Conclusion: 8.8 % of the included patients admitted in 2015 to Aalborg University Hospital due to epileptic seizure were shown to have postictal MRI abnormalities without other explanation for the abnormalities. In all subjects scanned afterwards, the abnormalities showed complete reversibility. I contrast, no acute MRI abnormalities were found among patients with PNES. It is possible that a better use of MRI in the early phase of seizures will lead to a faster and more precise diagnosis of epileptic seizures, but further research is needed. Future studies of postictal MRI abnormalities should be prospective, focus on the acute phase after a seizure and systemize the use of control scans to avoid some of the methodological issues encountered in the current study.

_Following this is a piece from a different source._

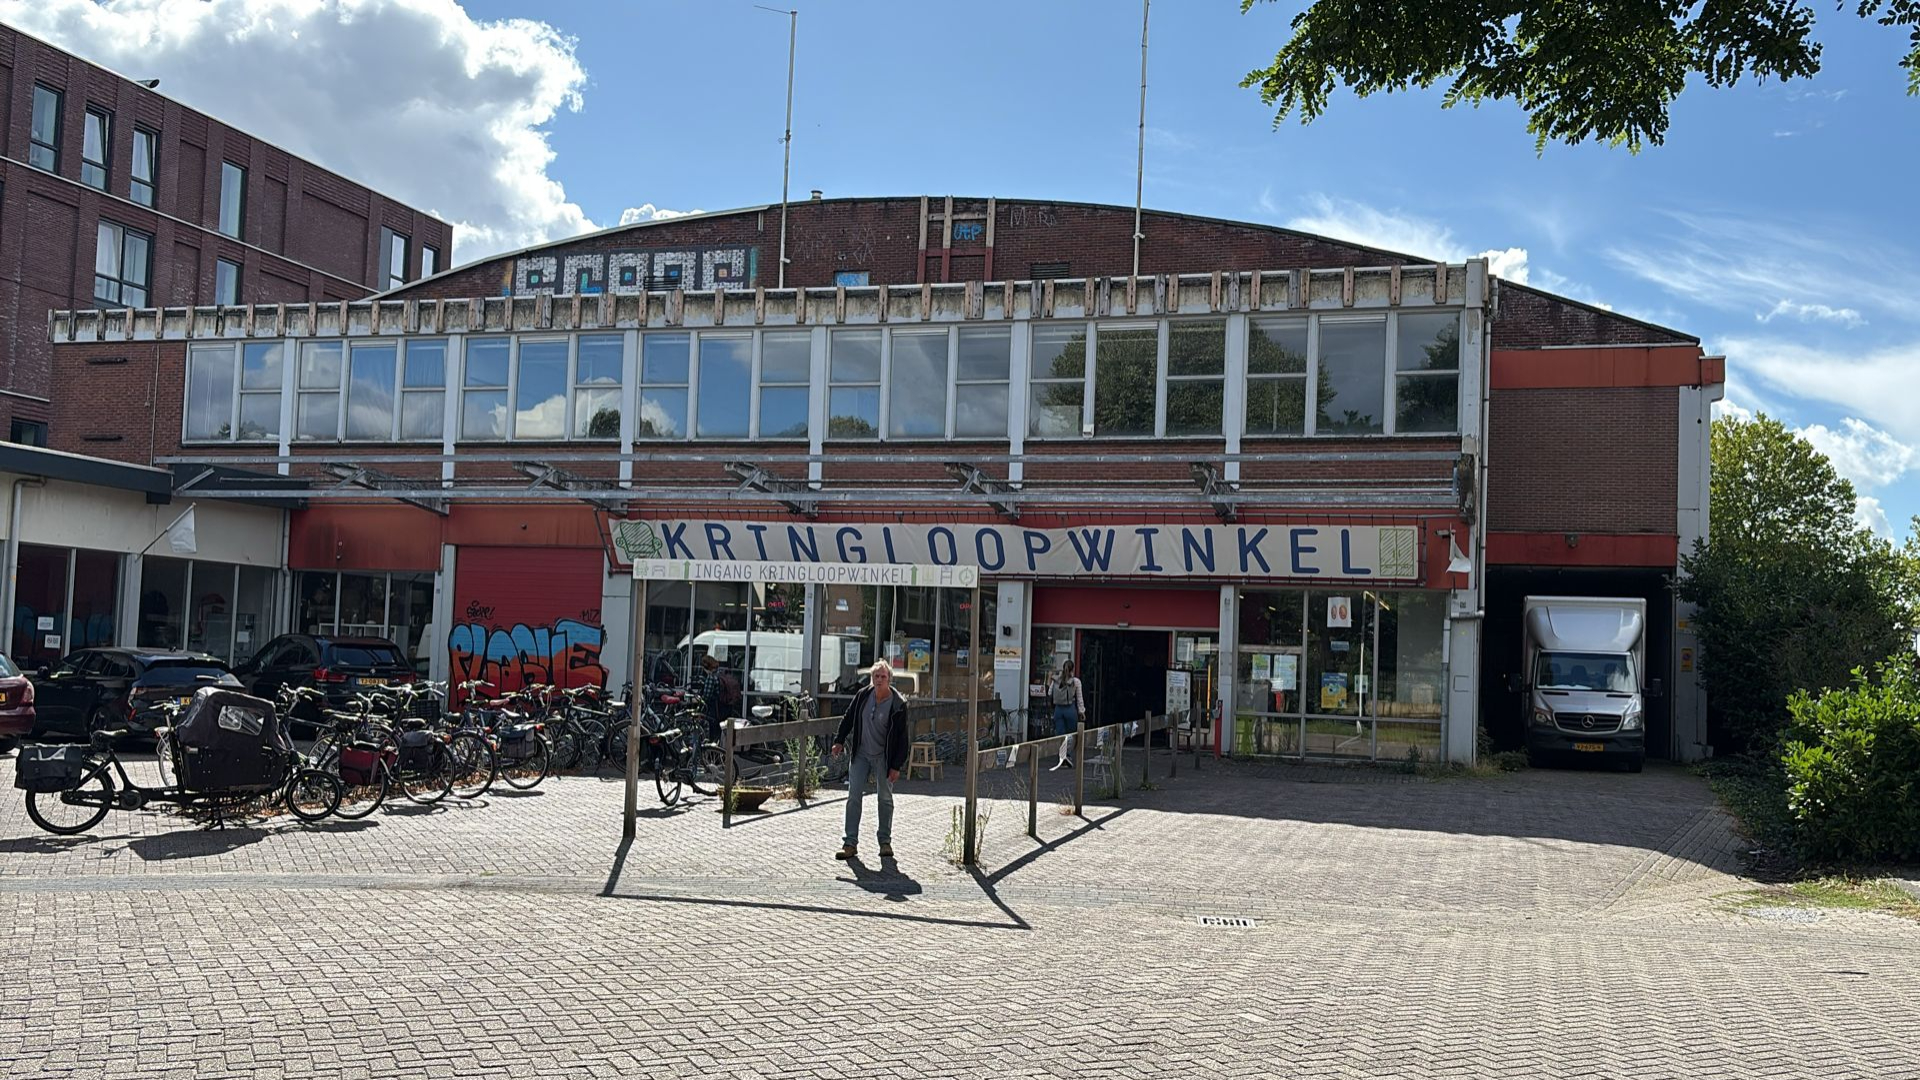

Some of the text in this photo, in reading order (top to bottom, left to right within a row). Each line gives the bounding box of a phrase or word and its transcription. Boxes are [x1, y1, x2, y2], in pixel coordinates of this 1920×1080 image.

[661, 522, 1371, 575] KRINGLOOPWINKEL
[695, 563, 909, 584] INGANG KRINGLOOPWINKEL

Methods: A retrospective examination of medical journals and MRIs of inpatients at Aalborg University Hospital admitted in 2015 due to status epilepticus, single or clusters of seizures and PNES. Patients diagnosed with seizures related to alcohol or withdrawal in the current admission, patients with seizures related to known primary or secondary brain tumor and patients with new intracranial pathology occurring within 90 days before admission were excluded. Exclusion was based on the fact that these conditions potentially can lead to abnormal MRI changes that cannot be differentiated from postictal abnormalities. 149 patients from a database of 347 admissions due to seizures had an MRI within 14 days after admission. In cases with acute MRI abnormalities not attributable to a known neurological disorder, localisation, characteristics and reversibility of the abnormalities were noted along with type and duration of seizures. In addition, it was found out if the MRI abnormalities were attributed to another pathology at a later point.
Results: Acute MRI abnormalities were found in 12 of 116 (10.3 %) cases of epileptic seizures. 2 of 12 (16.7 %) were given another diagnosis at a later point that could explain the abnormalities seen on MRI (posterior reversible encephalopathy syndrome and sinus thrombosis respectively). Thus, 10 of 114 (8.8 %) patients acutely admitted with epileptic seizures had MRI abnormalities not subsequently attributed to another pathology. They were scanned between 0 and 86 hours after the time of admission, while the patients with epileptic seizures without postictal abnormalities were scanned between 0 and 330 hours after the time of admission. 6 of 10 patients with postictal MRI abnormalities had a control scan between 4 and 237 days after admission. In all cases the abnormalities had disappeared on the control scan. As expected, no acute MRI abnormalities were found among the 8 patients with PNES.
Conclusion: 8.8 % of the included patients admitted in 2015 to Aalborg University Hospital due to epileptic seizure were shown to have postictal MRI abnormalities without other explanation for the abnormalities. In all subjects scanned afterwards, the abnormalities showed complete reversibility. I contrast, no acute MRI abnormalities were found among patients with PNES. It is possible that a better use of MRI in the early phase of seizures will lead to a faster and more precise diagnosis of epileptic seizures, but further research is needed. Future studies of postictal MRI abnormalities should be prospective, focus on the acute phase after a seizure and systemize the use of control scans to avoid some of the methodological issues encountered in the current study.